ほんとうに異世界は異邦人の伝承記録のように巨大な石塔がところせましと乱立し、ドワーフ戦車も顔負けの鋼鉄の馬車が走り、飛空艇よりもずっと速い鋼鉄の飛行船が飛び、魔法が存在しない代わりに優れた錬金術が世界を支配し、なによりも優れた料理が味わえる桃源郷なのだろうか。
行ってみたいな他所の世界。まっ、どうせ叶わぬ夢だけどね。
異世界は異世界。僕らは僕らで自分が生きてる世界で成功しなきゃ。
マウスリバー探検隊には辿り着きたい明確な目標がある。たとえば──
「あっ、見ろよマウス、あそこに停泊してる飛空艇って斑鳩空挺団じゃね?」
「ほんとだ。うらやましいよねー、Bランクパーティー。ボクらもいつかは」
「飛空艇を買えるぐらいの大きなクエストを成功させてみたいわね」
「んじゃBランクを夢見る前に、まずはCランクにならなきゃね」
気分はショーウィンドゥのトランペットを眺める貧民街の少年。
あの人たちは凄いよね。冒険者五年目くらいでBランクなんだもの。
空路を荒らすワイバーンや空賊を追い払い、天空遺跡も発見した敏腕。
まさに雲の上の存在。あと女メンバーがみんな美人どころなのがまた。
いいよねダークエルフ。しかも双子姉妹だよ。サイコーじゃないか。
他にも特定の層に大人気のオーガ娘やオーク娘の綺麗どころも船員にいると聞くし、イカルさんはいい女のシュミしてる。

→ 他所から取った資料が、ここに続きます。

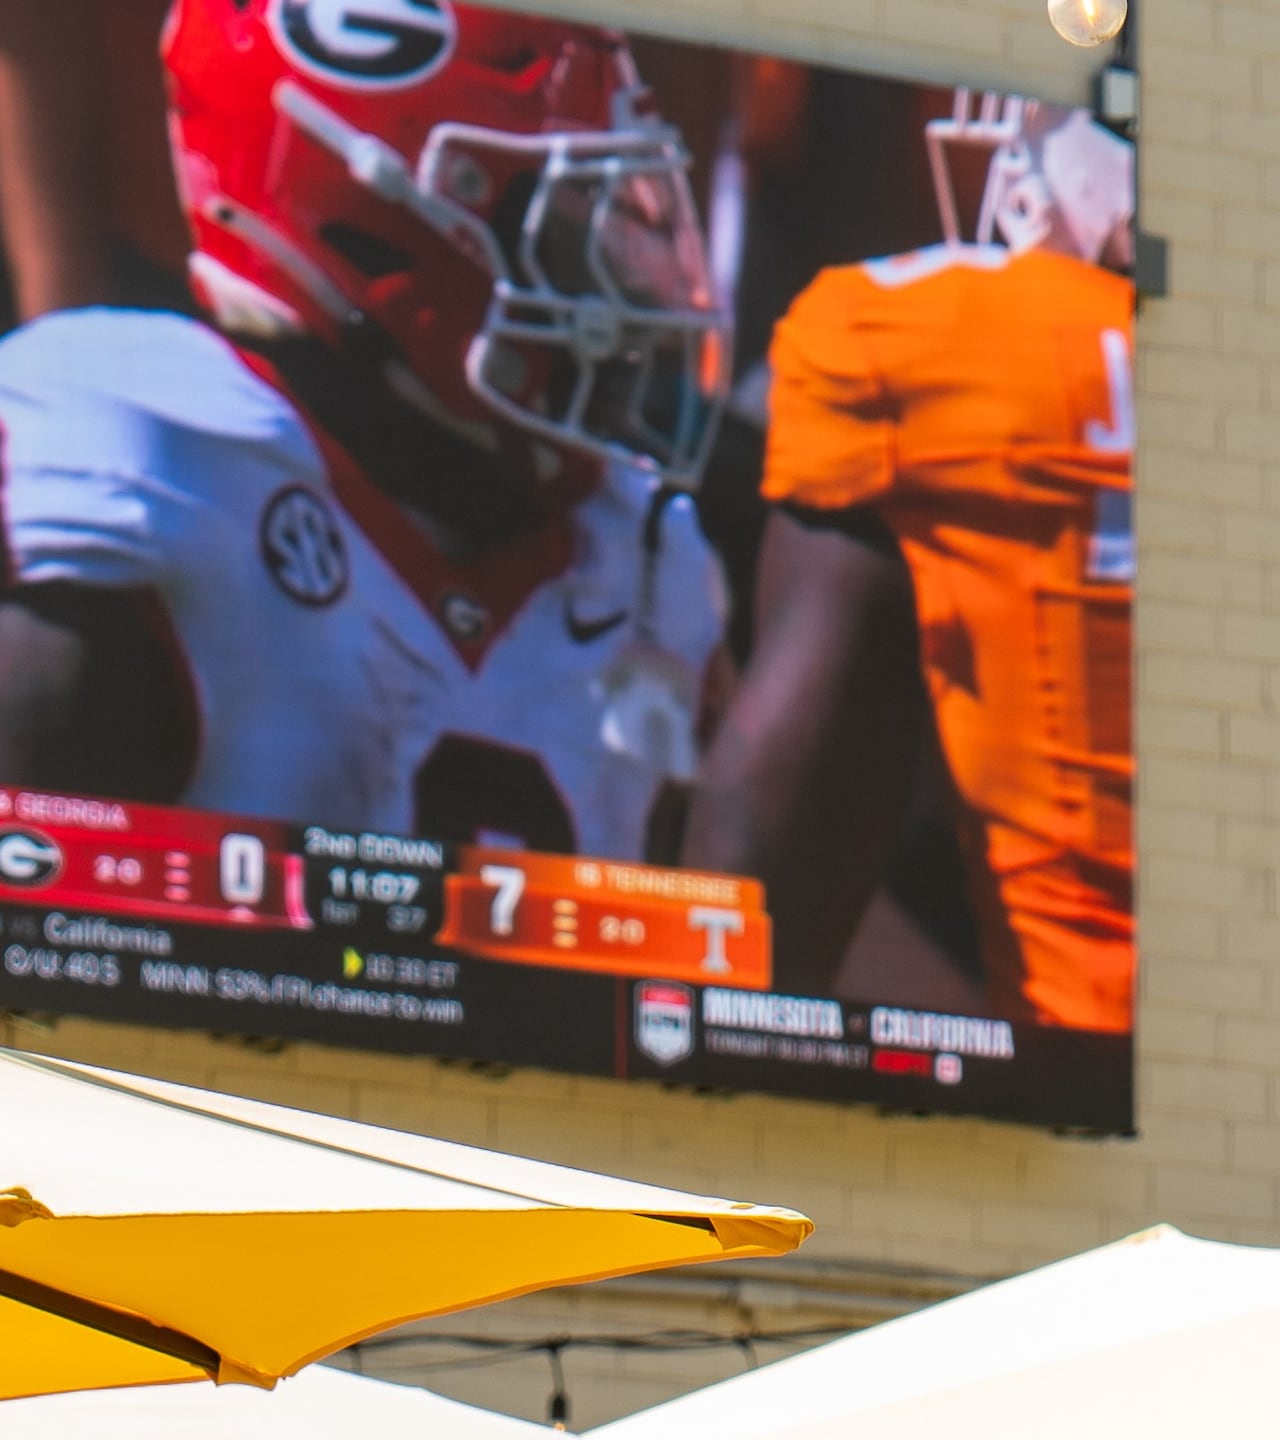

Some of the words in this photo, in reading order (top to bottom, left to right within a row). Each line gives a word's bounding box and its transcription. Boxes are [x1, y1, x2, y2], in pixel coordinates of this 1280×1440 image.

[14, 792, 131, 831] GEORGIA
[220, 832, 264, 904] 0
[358, 832, 443, 870] DOWN
[328, 865, 420, 904] 11:07
[479, 863, 526, 936] 7
[605, 864, 741, 906] TENNESSEE
[43, 911, 173, 956] California
[687, 905, 744, 975] T
[311, 982, 393, 1016] chance
[422, 998, 465, 1024] win
[702, 986, 845, 1040] MINNESOTA
[870, 1006, 1015, 1059] CALIFORNIA

このまえリップルさんにナンパの口実でポーカー勝負をしかけてパンツ一丁で追い出されたり、王都下町の遊郭で美人局に引っかかってクエストの報酬みんなもってかれたりと、女遊びでの火傷も多いみたいだけど、ああいうクールなプレイボーイのキャラクターとか、女性船員だけで構成されたハーレム的なパーティーとか憧れちゃうな。
「またどこかへ遠征クエストに行くのかな?」
「速い足を持ってる冒険者はいいわよね。うちなんかもう……」
「そういうなよサラ。鈍行馬車の旅もオツなもんだぜ」
「飛空艇チャーターして大陸移動なんてBランク以上の特権だよ」
ボクらはボクらでメイプル村へ向けて馬車に揺られてゆらり旅。
神都ホーリーケイク行きの馬車に乗ってひたすら北へ北へ。
そう遠いところでもないから明後日の昼間には到着するだろう。
幸いにして街道でヒャッハーとの遭遇もなく、のんびりとしたもんだ。
「メイプル村か……村を飛び出してかれこれもう三年になるんだな」
「調査の前にうちに挨拶していきなさいよ。お母さん心配してたから」
「おばさんもうちの両親みたいに王都に移り住めばよかったのに」
「そこは本人にしか分からない村とのしがらみってのがあるのよ」
「なぁ、第一区画から第七区画までの調査ついでに別件あるんだろ?」
「なんでも森で行方不明になった冒険者の捜索だって?」
「ええ、まだ詳しくいえないけど森の調査が終わったら説明するわ」
「もったいぶるなぁ~。なんか含むものを感じるんだけど」
リップルさんとサラの密談で受けたクエストってのがまた引っかかる。
きっとロクでもないことなんだろーなーとボクの勘が告げている。
まっ、とにもかくにも村まではまだ半日以上かかる。気楽に行こう。
んじゃ、暇つぶしに『らのべ』をもう一冊っと。
「こんどはなに?」
「異世界洋食屋っていう癒し系グルメ小説。最近すごい評判なんだって」
「それは面白そうね。読み終えたら見せて」
「喜んで」
こうして僕たちの冒険のはじまりは刻一刻と迫っていく。
僕たちはこのとき誰一人として予感していなかった。
この旅が『マウスリバー探検隊』にとって最大の試練になることを。
同時に──
僕らのパーティーの運命を変える最高の出会いが待っていることを。
*『グローリア王国貨幣』
グローリア王国で建国以来から使用されている貨幣。
通貨単位は初代国王の名にちなみベリアと呼ばれる。
貨幣価値は銅・銀・蒼銀・金・白金の順に桁を増していく。
歴代の王によって新しいデザインの硬貨が発行されることがあるが、
鋳造に使用される金属量と厚みおよびサイズは厳格に定められており、
新銭も古銭も刻印された肖像の違いのみで貨幣価値は同じとして扱われる。
1ベリアは日本円で10円の価値だが、物価は日本のそれとは異なる。
冒険者酒場の簡易寝台の宿代は2食付で一泊250ベリアが目安。
小銅貨=1ベリア 大銅貨=10ベリア
小銀貨=100ベリア 大銀貨=1000ベリア
蒼銀貨=10000ベリア 金貨=100000ベリア
白金貨=1000000ベリア
*『グローリア王国紙幣』
グローリア王国内で近年投入された紙幣通貨。
かさばって重い鋳造硬貨の軽量化と素材の節約を目的に開発された。
鋳造硬貨以上に手の込んだ細工が施されており、工芸品的な価値もあるが、
紙幣制度はまだ新しく市民の理解を得られにくいためか普及率も悪く、
まだ紙幣が通貨として通用するのは中央での取引のみに限定されている。